I then added another sheet to list out current revenue forecasts for proposed, sold, and billed work. This really helped clarify in my mind several things.

  1. It gave me a revenue goal to work towards. Instead of just selling and billing then selling again, I was able forecast out for each quarter of the year what my current and projected revenue is.
  2. It clarified for me what percentage of my work came from which clients. I now have actual numbers behind who my largest and most important clients are. I also know that I need to keep diversifying my client base so no one client holds too large a percentage of my revenue.
  3. I also know what kind of one time services I am selling: one time fee vs. reoccurring billing.

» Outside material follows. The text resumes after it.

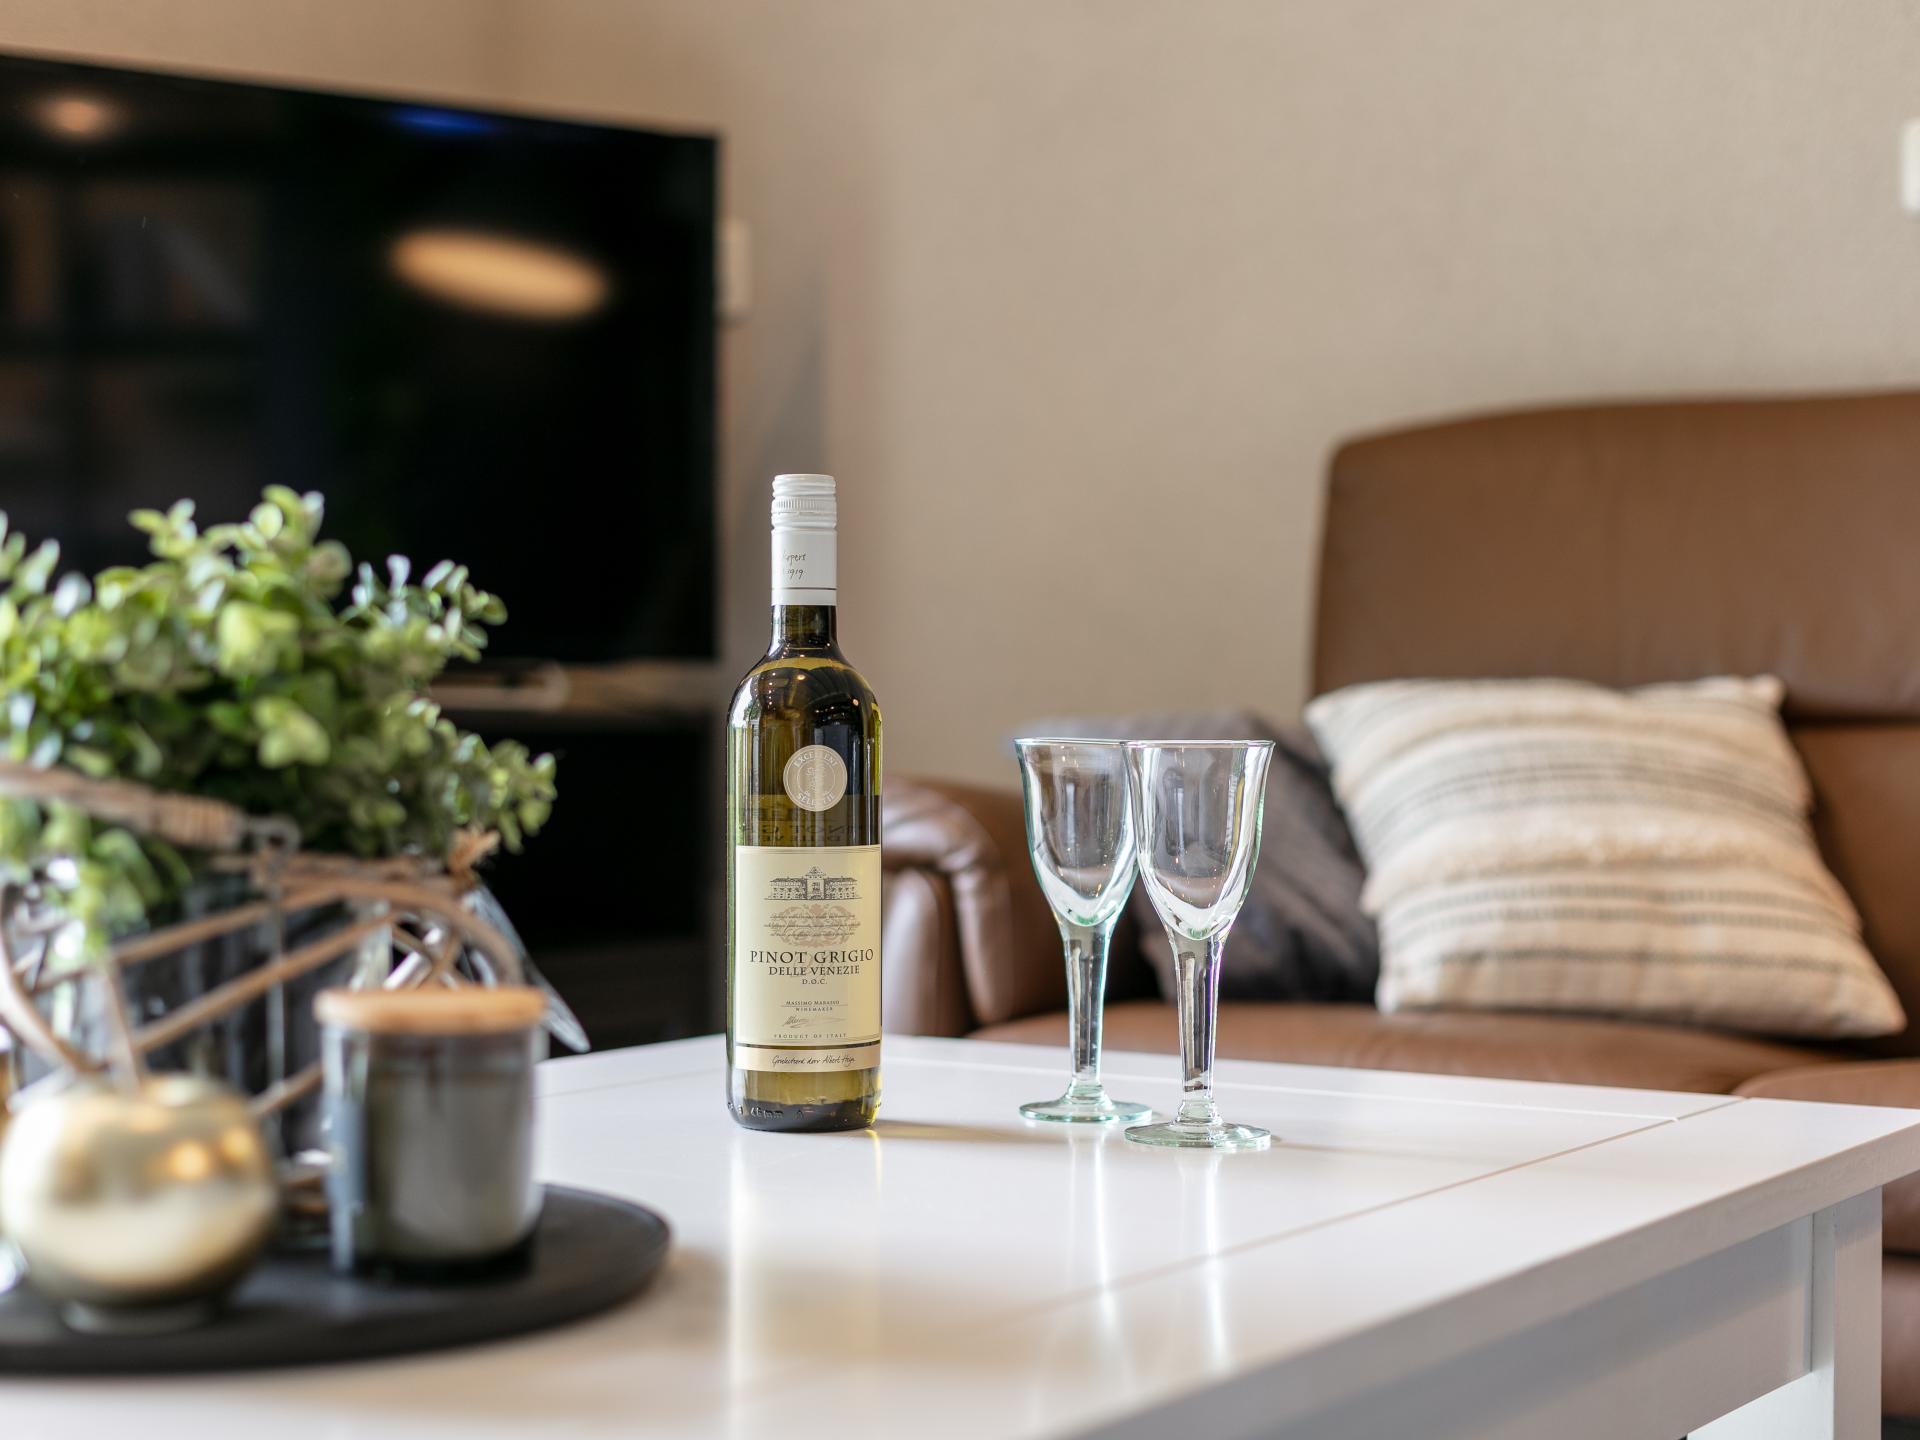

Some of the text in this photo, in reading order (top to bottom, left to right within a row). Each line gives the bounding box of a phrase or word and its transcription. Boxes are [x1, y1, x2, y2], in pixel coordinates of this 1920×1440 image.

[793, 751, 837, 767] EXCEENT
[750, 948, 874, 964] PINOT GRIGIO
[769, 964, 860, 976] DELLE VENEZIE

I missed my Q1 net revenue goal but hopefully (and if I work really hard) I can make up for it in Q2 and come out even. The problem is, I have only one project projected for Q3 and none for Q4 (at this time.) This tells me that I need to get moving on the sales angle and also sign up more "partners". 

From a more strategic angle there are several initiatives that I also can't loose sight of: speaking engagements, industry security program creation, and a book.

I have two more partners in the queue that are pending legal agreement review. This may look good but as Jeffrey Gitomer says, "Nothing happens until the sale is made."